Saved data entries
○ ○ ○ ○ ○ ○ ○
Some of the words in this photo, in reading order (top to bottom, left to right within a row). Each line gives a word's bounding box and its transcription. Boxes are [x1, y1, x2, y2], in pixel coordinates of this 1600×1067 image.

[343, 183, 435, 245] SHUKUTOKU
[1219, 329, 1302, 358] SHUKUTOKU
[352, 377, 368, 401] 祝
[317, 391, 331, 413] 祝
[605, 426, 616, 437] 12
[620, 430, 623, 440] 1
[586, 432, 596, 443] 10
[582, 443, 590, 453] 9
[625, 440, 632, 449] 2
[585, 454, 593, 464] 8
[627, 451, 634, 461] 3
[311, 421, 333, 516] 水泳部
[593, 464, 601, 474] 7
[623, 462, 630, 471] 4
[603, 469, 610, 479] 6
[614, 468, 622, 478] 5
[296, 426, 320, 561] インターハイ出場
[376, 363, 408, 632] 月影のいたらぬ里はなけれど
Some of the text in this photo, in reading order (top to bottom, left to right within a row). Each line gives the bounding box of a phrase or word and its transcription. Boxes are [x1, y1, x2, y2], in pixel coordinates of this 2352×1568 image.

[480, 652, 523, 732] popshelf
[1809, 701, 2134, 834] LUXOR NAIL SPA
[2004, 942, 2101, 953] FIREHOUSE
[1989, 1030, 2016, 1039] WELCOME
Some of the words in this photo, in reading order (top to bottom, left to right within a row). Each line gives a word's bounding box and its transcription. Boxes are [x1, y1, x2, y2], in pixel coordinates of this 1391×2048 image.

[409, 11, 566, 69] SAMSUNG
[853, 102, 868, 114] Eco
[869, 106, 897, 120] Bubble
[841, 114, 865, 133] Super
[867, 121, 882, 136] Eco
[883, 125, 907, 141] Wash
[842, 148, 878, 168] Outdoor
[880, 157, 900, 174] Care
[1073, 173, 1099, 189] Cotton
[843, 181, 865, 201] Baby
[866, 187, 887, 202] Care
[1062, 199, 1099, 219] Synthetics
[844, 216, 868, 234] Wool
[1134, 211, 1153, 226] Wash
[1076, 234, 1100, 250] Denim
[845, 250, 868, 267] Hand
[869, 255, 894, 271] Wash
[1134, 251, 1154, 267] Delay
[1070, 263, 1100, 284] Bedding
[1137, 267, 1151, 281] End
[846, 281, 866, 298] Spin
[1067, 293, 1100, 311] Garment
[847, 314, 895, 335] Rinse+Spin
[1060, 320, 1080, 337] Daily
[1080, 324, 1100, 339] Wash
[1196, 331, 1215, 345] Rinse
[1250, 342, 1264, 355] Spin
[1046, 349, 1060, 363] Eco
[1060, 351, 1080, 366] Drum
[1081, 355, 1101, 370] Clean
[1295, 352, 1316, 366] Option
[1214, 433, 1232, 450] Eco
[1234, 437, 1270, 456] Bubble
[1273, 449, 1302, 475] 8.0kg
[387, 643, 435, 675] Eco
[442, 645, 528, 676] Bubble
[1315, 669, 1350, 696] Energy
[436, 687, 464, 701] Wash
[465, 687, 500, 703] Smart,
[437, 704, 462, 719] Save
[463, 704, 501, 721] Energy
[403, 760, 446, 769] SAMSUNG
○ ○ ○ ○ ○ ○ ○
Problem statement:
Print the data again exactly.

Response area:
Some of the words in this photo, in reading order (top to bottom, left to right within a row). Each line gives a word's bounding box and its transcription. Boxes are [x1, y1, x2, y2], in pixel coordinates of this 1600×1067 image.

[343, 183, 435, 245] SHUKUTOKU
[1219, 329, 1302, 358] SHUKUTOKU
[352, 377, 368, 401] 祝
[317, 391, 331, 413] 祝
[605, 426, 616, 437] 12
[620, 430, 623, 440] 1
[586, 432, 596, 443] 10
[582, 443, 590, 453] 9
[625, 440, 632, 449] 2
[585, 454, 593, 464] 8
[627, 451, 634, 461] 3
[311, 421, 333, 516] 水泳部
[593, 464, 601, 474] 7
[623, 462, 630, 471] 4
[603, 469, 610, 479] 6
[614, 468, 622, 478] 5
[296, 426, 320, 561] インターハイ出場
[376, 363, 408, 632] 月影のいたらぬ里はなけれど
Some of the text in this photo, in reading order (top to bottom, left to right within a row). Each line gives the bounding box of a phrase or word and its transcription. Boxes are [x1, y1, x2, y2], in pixel coordinates of this 2352×1568 image.

[480, 652, 523, 732] popshelf
[1809, 701, 2134, 834] LUXOR NAIL SPA
[2004, 942, 2101, 953] FIREHOUSE
[1989, 1030, 2016, 1039] WELCOME
Some of the words in this photo, in reading order (top to bottom, left to right within a row). Each line gives a word's bounding box and its transcription. Boxes are [x1, y1, x2, y2], in pixel coordinates of this 1391×2048 image.

[409, 11, 566, 69] SAMSUNG
[853, 102, 868, 114] Eco
[869, 106, 897, 120] Bubble
[841, 114, 865, 133] Super
[867, 121, 882, 136] Eco
[883, 125, 907, 141] Wash
[842, 148, 878, 168] Outdoor
[880, 157, 900, 174] Care
[1073, 173, 1099, 189] Cotton
[843, 181, 865, 201] Baby
[866, 187, 887, 202] Care
[1062, 199, 1099, 219] Synthetics
[844, 216, 868, 234] Wool
[1134, 211, 1153, 226] Wash
[1076, 234, 1100, 250] Denim
[845, 250, 868, 267] Hand
[869, 255, 894, 271] Wash
[1134, 251, 1154, 267] Delay
[1070, 263, 1100, 284] Bedding
[1137, 267, 1151, 281] End
[846, 281, 866, 298] Spin
[1067, 293, 1100, 311] Garment
[847, 314, 895, 335] Rinse+Spin
[1060, 320, 1080, 337] Daily
[1080, 324, 1100, 339] Wash
[1196, 331, 1215, 345] Rinse
[1250, 342, 1264, 355] Spin
[1046, 349, 1060, 363] Eco
[1060, 351, 1080, 366] Drum
[1081, 355, 1101, 370] Clean
[1295, 352, 1316, 366] Option
[1214, 433, 1232, 450] Eco
[1234, 437, 1270, 456] Bubble
[1273, 449, 1302, 475] 8.0kg
[387, 643, 435, 675] Eco
[442, 645, 528, 676] Bubble
[1315, 669, 1350, 696] Energy
[436, 687, 464, 701] Wash
[465, 687, 500, 703] Smart,
[437, 704, 462, 719] Save
[463, 704, 501, 721] Energy
[403, 760, 446, 769] SAMSUNG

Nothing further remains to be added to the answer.